Penyimpanan Dingin (Chill Storage) 
   Penyimpanan hasil pasteurisasi dilakukan didalam ruang dingin dengan temperature nol derajat yang biasa disebut cold storage / Cill storage. Pola penyusunan penyimpanan produk akhir dapat dengan menggunakan Pallet , yang digunakan agar produk disusun dan disimpan secara sistematis sehingga memudahkan ketika pembongkaran ataupun ketika pengambilan sampel. Pallet racking system ini disesuaikan dengan tipe dan volume produk, kapasitas ruangan, bagaimana produk disimpan, dan frekuensi penyusunan secara perputaran ataupun urutan untuk akses penyimpanan produk (Anonim 2008). Penggunaan fasilitas ruang pendingin sebagai gudang penyimpanan produk akhir harus memperhatikan tipe produk dan toleransinya terhadap perubahan suhu secara fluktuatif yang mungkin terjadi selama penyimpanan dalam chill storage. Penentuan penggunaan pintu berinsulator berdasarkan tipe, ukuran, lokasi ruang pendingin juga dapat menambah efisiensi operasi ruang pendingin (Anonim 2008). 

Unit Pengolahan Limbah 
    Unit pengolahan limbah menampung limbah cair dan padat yang dihasilkan selama proses pengolahan. Limbah cair ditampung bak penampungan kemudian difiltrasi dengan 3 kali proses penjernihan menggunakan bantuan mikroorganisme pengurai limbah berupa bakteri anaerob. Limbah cair yang sudah jernih dialirkan ke kolam pemeliharaan lele untuk pengujian kelayakan air. Limbah padat berupa plastik dikumpulkan untuk dijual kembali sehingga dapat dimanfaatkan. 

Peralatan Produksi 
Timbangan 
Jenis timbangan yang digunakan yaitu timbangan digital dengan kapasitas 3 kg untuk kaleng yang sudah terisi daging dan 30 kg digunakan untuk menimbang bahan baku yang datang. 
Meja sortasi 
Meja sortasi berbentuk persegi panjang dengan ukuran (2×1)m2 terbuat dari stainless steel dan kapasitas beban 200 kg 
Meja timbangan 
Meja timbangan terdapat dua ukuran yaitu besar dan kecil terbuat dari stainless steel. Meja timbangan besar berukuran (50×40)cm2 dengan kapasitas 50 kg, sedangkan meja timbangan kecil berukuran (20×30)cm2 dengan kapasitas 2 kg. 
Meja pencuci kaleng 
Meja pencuci kaleng berbentuk persegi dengan memiliki wadah pencucian yang terbuat dari stainless stell dilengkapi dengan water heater. 
Basket (keranjang) 
Basket (keranjang) berbentuk persegi panjang dengan ukuran (91x53x46)cm3 terbuat dari bahan vilon sebanyak ±70 unit yang memiliki kapasitas 50-60 kg. 

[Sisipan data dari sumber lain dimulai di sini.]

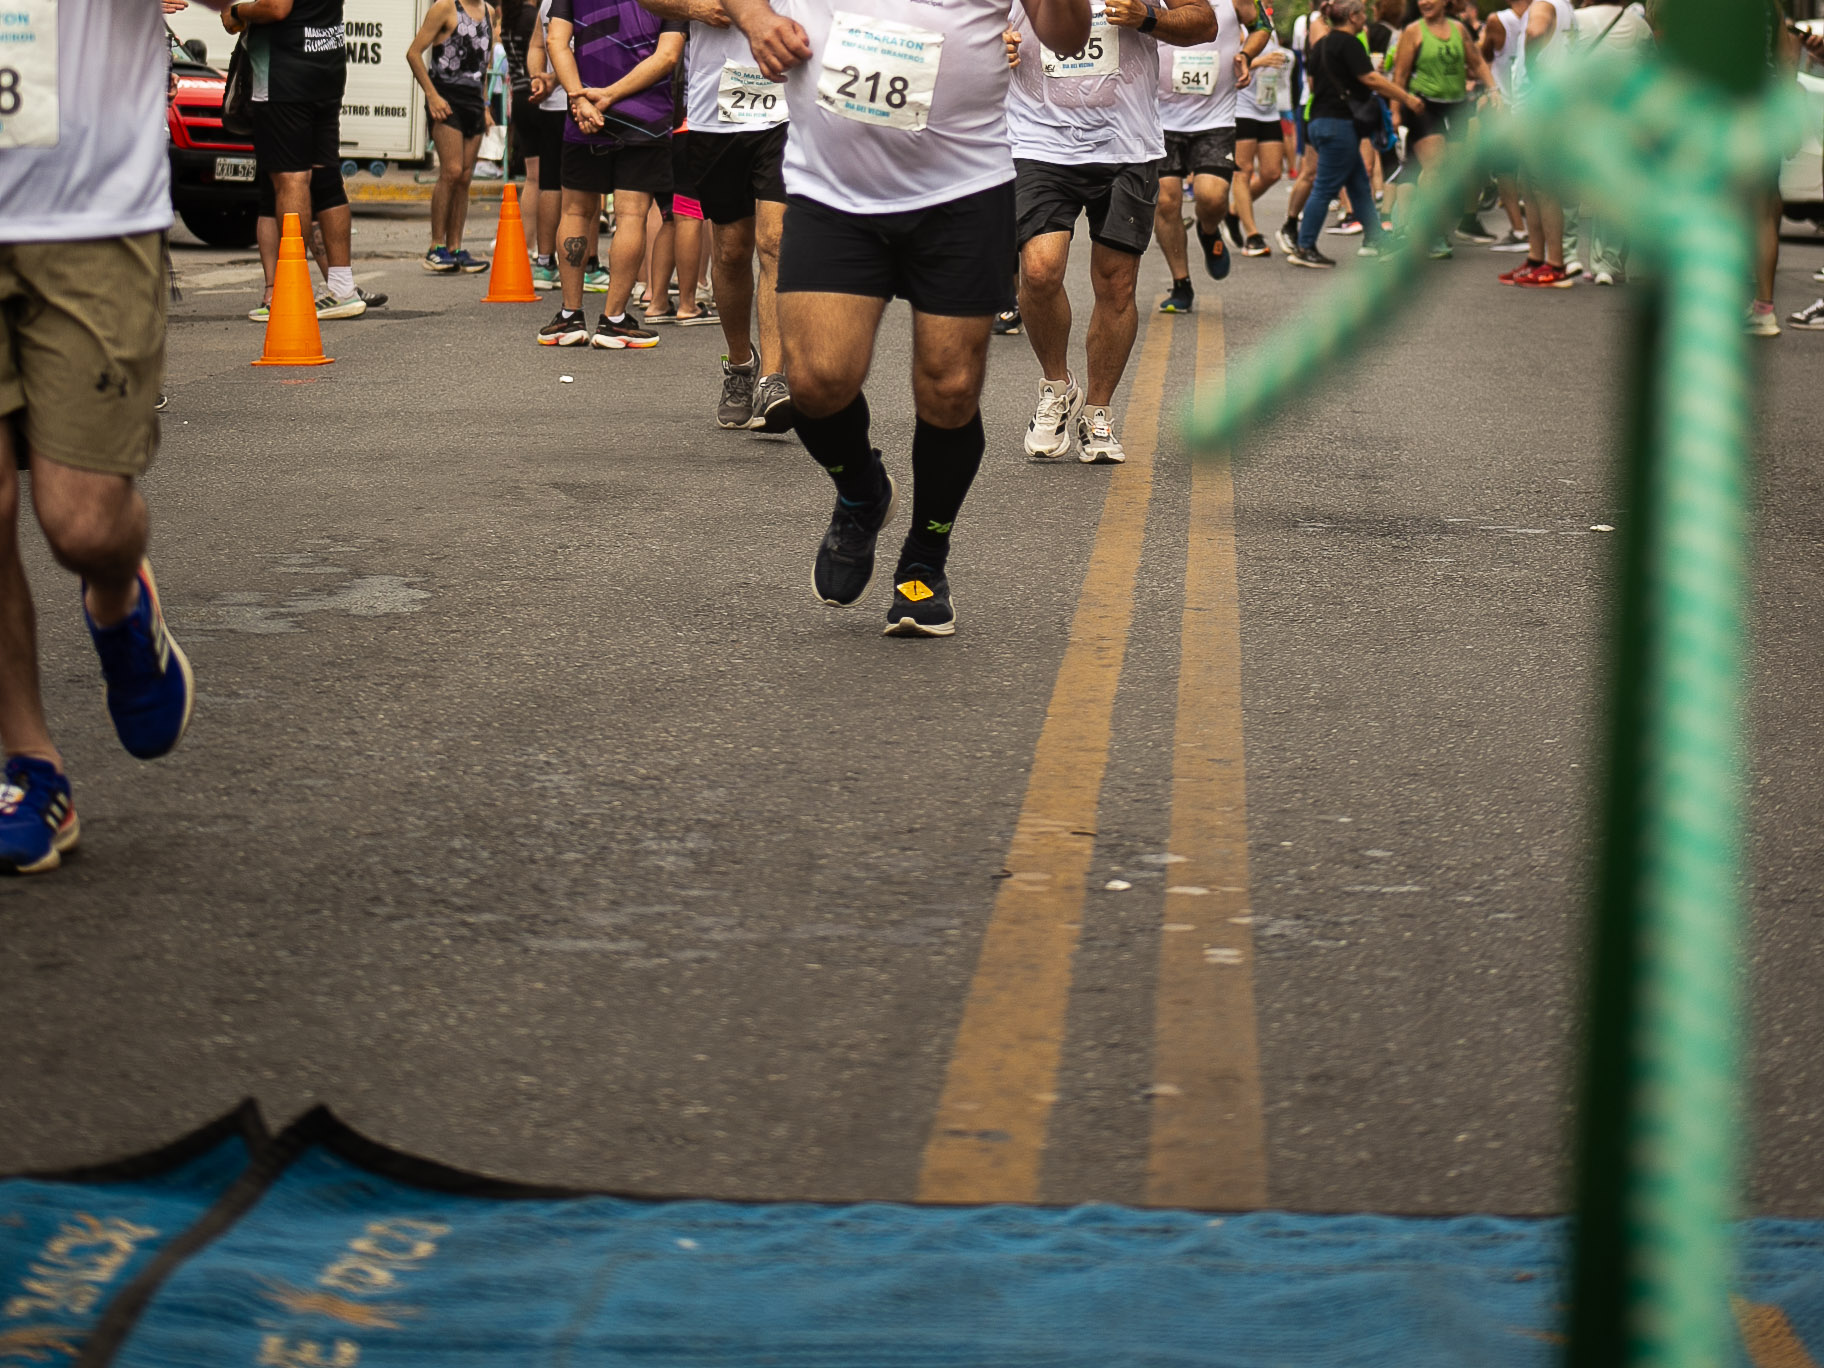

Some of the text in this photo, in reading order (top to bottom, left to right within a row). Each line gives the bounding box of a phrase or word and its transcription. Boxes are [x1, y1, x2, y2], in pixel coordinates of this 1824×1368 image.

[345, 21, 383, 39] OMOS
[346, 42, 382, 65] NAS
[837, 65, 909, 109] 218
[1181, 71, 1209, 85] 541
[731, 90, 777, 110] 270
[341, 104, 371, 117] STROS
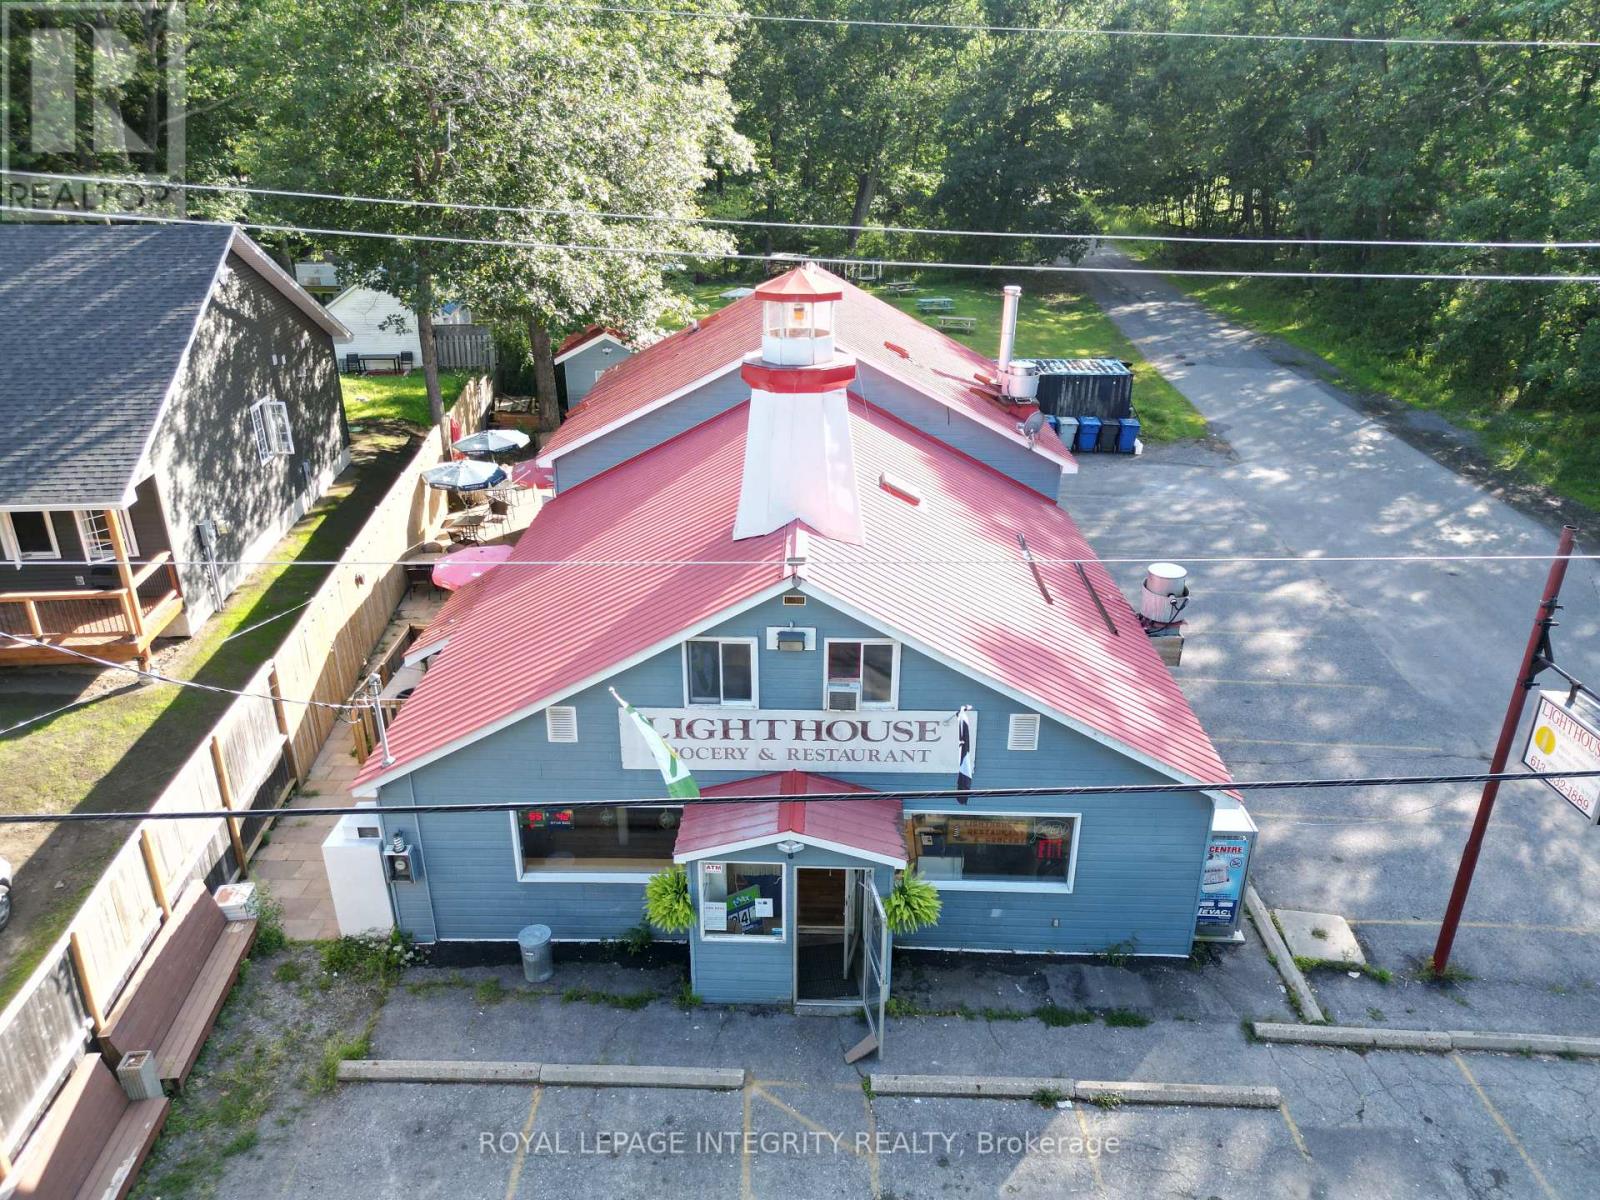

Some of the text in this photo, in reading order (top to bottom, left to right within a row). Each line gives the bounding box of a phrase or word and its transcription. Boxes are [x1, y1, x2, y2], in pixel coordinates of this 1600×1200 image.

[653, 746, 932, 764] OCERY & RESTAURANT

Mesin penutup kaleng( Seamer ) 
Mesin penutup kaleng pada proses pasteurisasi rajungan sangat vital keberadaannya , untuk itu biasanya dipersiapkan 2 unit . Kegagalan pada proses seaming akan berakibat fatal pada hasil Finish Good. 
Mesin pengkodean 
Jenis mesin pengkodean yang biasa digunakan adalah ink jet printing .  
Cara kerja alat ini adalah berdasarkan prinsip fisika dari suatu cairan yang berada dalam tekanan, ultrasonic vibration, dan gaya elektrostatik. 

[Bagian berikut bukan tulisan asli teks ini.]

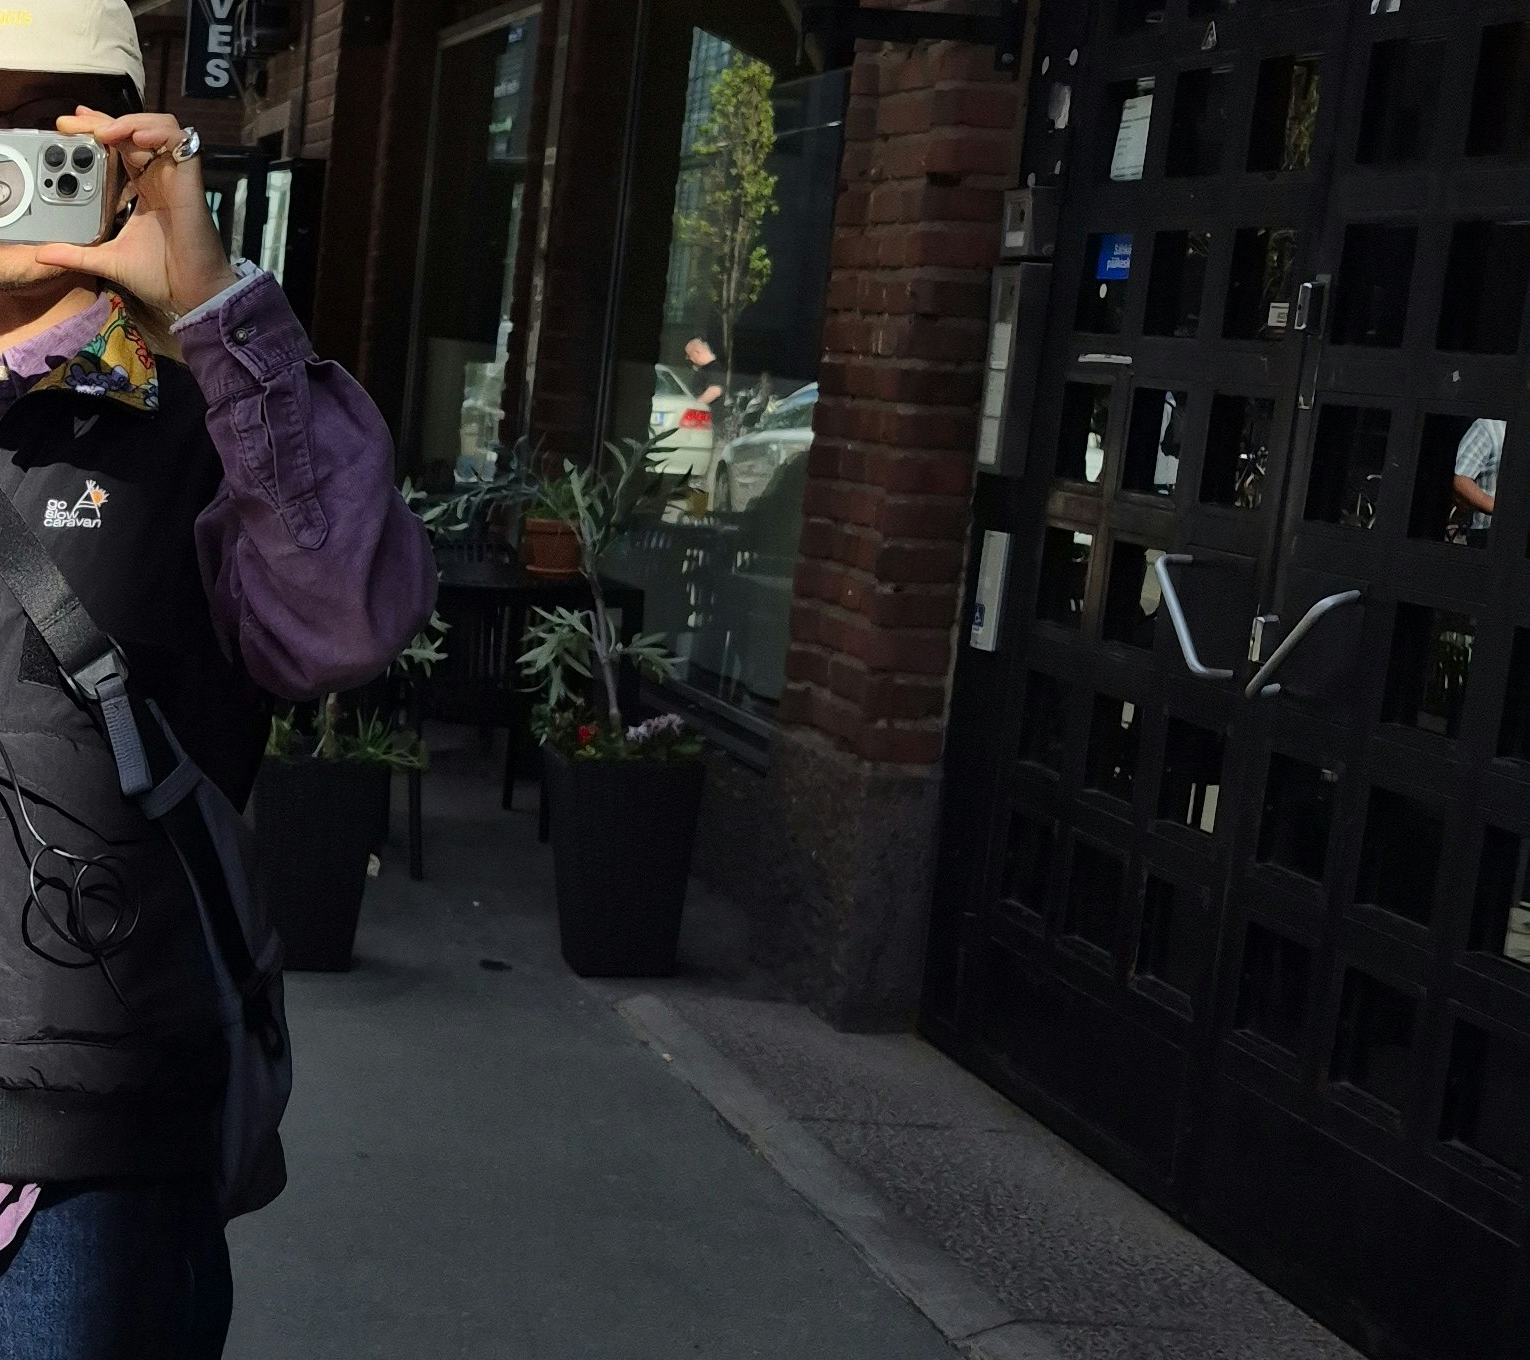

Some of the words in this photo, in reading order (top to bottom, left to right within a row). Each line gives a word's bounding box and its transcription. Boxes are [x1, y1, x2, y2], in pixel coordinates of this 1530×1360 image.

[46, 499, 68, 511] go
[44, 509, 80, 520] slow
[43, 518, 102, 529] caravan

Mesin penghancur es (ice crusher) 
Mesin penghancur es yang merupakan mesin rakitan terdiri dari 2 bagian utama yaitu roll penggiling dan motor penggerak, sebanyak 1 unit yang membutuhkan daya listrik sebesar 380 volt serta es yang dihasilkan merupakan es curah. 
Boiler 
Boiler yang digunakan bisa memakai tipe horizontal maupun vertikal . Fungsi boiler yaitu memanaskan air pada tank pasteurisasi. Tank pemanasan ( Steam ) Tank pasteurisasi dengan bentuk persegi dan ukuran (420x78x75)cm3 dari jenis bahan stainless steel,kapasitas 1 line sebesar 262x2 kg. Pasteurisasi dilakukan pada bak pasteurisasi yang telah terisi air bersih. Sumber panas pasteurisasi berasal dari uap panas yang dihasilkan oleh boiler dan disalurkan dengan pipa khusus ke bak pasteurisasi. Di dalam bak pasteurisasi juga dialiri angin yang menimbulkan gelembung udara yang berasal dari kompresor dan bertujuan untuk meratakan panas. Pasteurisasi dilakukan selama 155 menit pada suhu 80-85o C. 

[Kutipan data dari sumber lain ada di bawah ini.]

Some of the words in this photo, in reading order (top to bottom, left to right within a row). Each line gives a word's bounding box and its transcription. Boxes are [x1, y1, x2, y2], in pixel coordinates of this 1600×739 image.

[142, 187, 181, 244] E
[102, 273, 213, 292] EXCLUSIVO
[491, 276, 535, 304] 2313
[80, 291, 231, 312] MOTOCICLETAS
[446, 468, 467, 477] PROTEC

Tank pendinginan( Chilling ) 
Tank pendinginan dengan bentuk persegi dan ukuran (420x78x75)cm3 dari jenis bahan stainless steel, kapasitas 1 unit dapat menampung 8 fiber es (±262 kg). Pendinginan dilakukan pada bak pendingin yang telah terisi air bersih serta pecahan es. Selama pendinginan, suhu dipertahankan pada suhu 0 – 4 oC selama 120 menit. Bak pendingin juga dialiri angin yang menimbulkan gelembung udara yang berasal dari kompresor. 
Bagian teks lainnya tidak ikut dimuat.